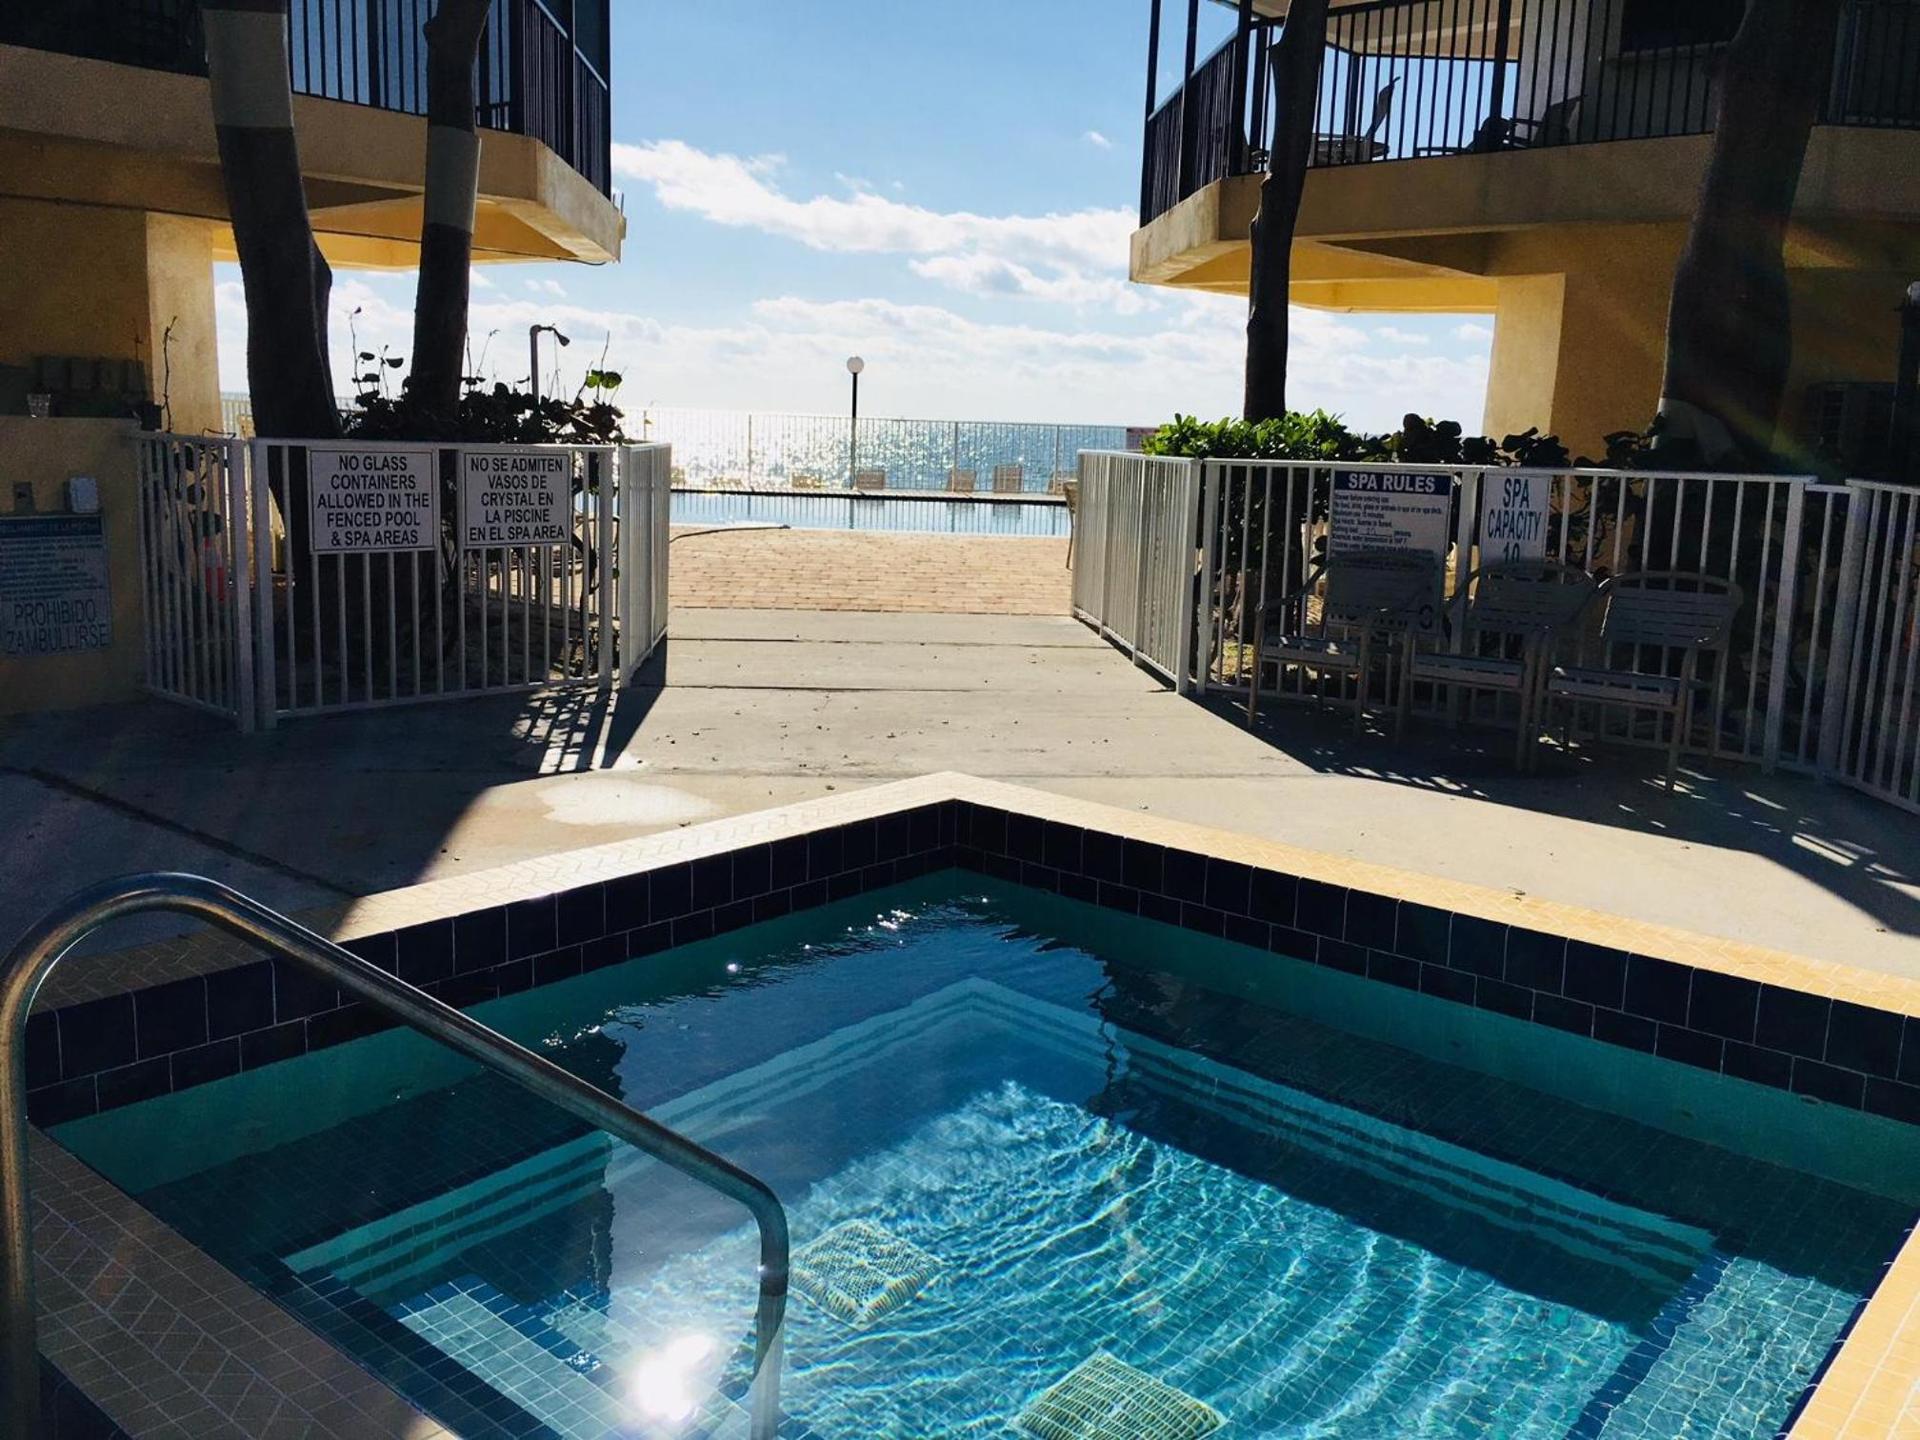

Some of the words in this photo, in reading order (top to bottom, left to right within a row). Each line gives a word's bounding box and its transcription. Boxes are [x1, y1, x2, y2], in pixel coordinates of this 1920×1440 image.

[339, 455, 359, 470] NO
[363, 456, 407, 470] GLASS
[470, 457, 489, 471] NO
[492, 458, 508, 471] SE
[511, 458, 563, 471] ADMITEN
[330, 474, 416, 490] CONTAINERS
[488, 475, 528, 490] VASOS
[531, 475, 547, 489] DE
[1347, 472, 1378, 492] SPA
[1382, 474, 1436, 494] RULES
[317, 493, 385, 509] ALLOWED
[388, 493, 401, 508] IN
[404, 493, 429, 508] THE
[481, 492, 535, 507] CRYSTAL
[538, 492, 554, 506] EN
[1502, 478, 1530, 509] SPA
[327, 512, 381, 528] FENCED
[385, 512, 420, 527] POOL
[485, 509, 500, 524] LA
[503, 509, 550, 523] PISCINE
[469, 528, 486, 541] EN
[489, 527, 504, 541] EL
[507, 526, 531, 540] SPA
[533, 525, 565, 539] AREA
[1487, 510, 1542, 541] CAPACITY
[331, 531, 341, 546] &
[344, 531, 370, 546] SPA
[375, 530, 418, 545] AREAS
[1503, 542, 1520, 564] 10
[14, 598, 96, 626] PROHIBIDO

- [Description of the task] Please repeat everything in the data above except the pictures, exactly as it reads.

- [Solution for this exercise]
Some of the words in this photo, in reading order (top to bottom, left to right within a row). Each line gives a word's bounding box and its transcription. Boxes are [x1, y1, x2, y2], in pixel coordinates of this 1920×1440 image.

[339, 455, 359, 470] NO
[363, 456, 407, 470] GLASS
[470, 457, 489, 471] NO
[492, 458, 508, 471] SE
[511, 458, 563, 471] ADMITEN
[330, 474, 416, 490] CONTAINERS
[488, 475, 528, 490] VASOS
[531, 475, 547, 489] DE
[1347, 472, 1378, 492] SPA
[1382, 474, 1436, 494] RULES
[317, 493, 385, 509] ALLOWED
[388, 493, 401, 508] IN
[404, 493, 429, 508] THE
[481, 492, 535, 507] CRYSTAL
[538, 492, 554, 506] EN
[1502, 478, 1530, 509] SPA
[327, 512, 381, 528] FENCED
[385, 512, 420, 527] POOL
[485, 509, 500, 524] LA
[503, 509, 550, 523] PISCINE
[469, 528, 486, 541] EN
[489, 527, 504, 541] EL
[507, 526, 531, 540] SPA
[533, 525, 565, 539] AREA
[1487, 510, 1542, 541] CAPACITY
[331, 531, 341, 546] &
[344, 531, 370, 546] SPA
[375, 530, 418, 545] AREAS
[1503, 542, 1520, 564] 10
[14, 598, 96, 626] PROHIBIDO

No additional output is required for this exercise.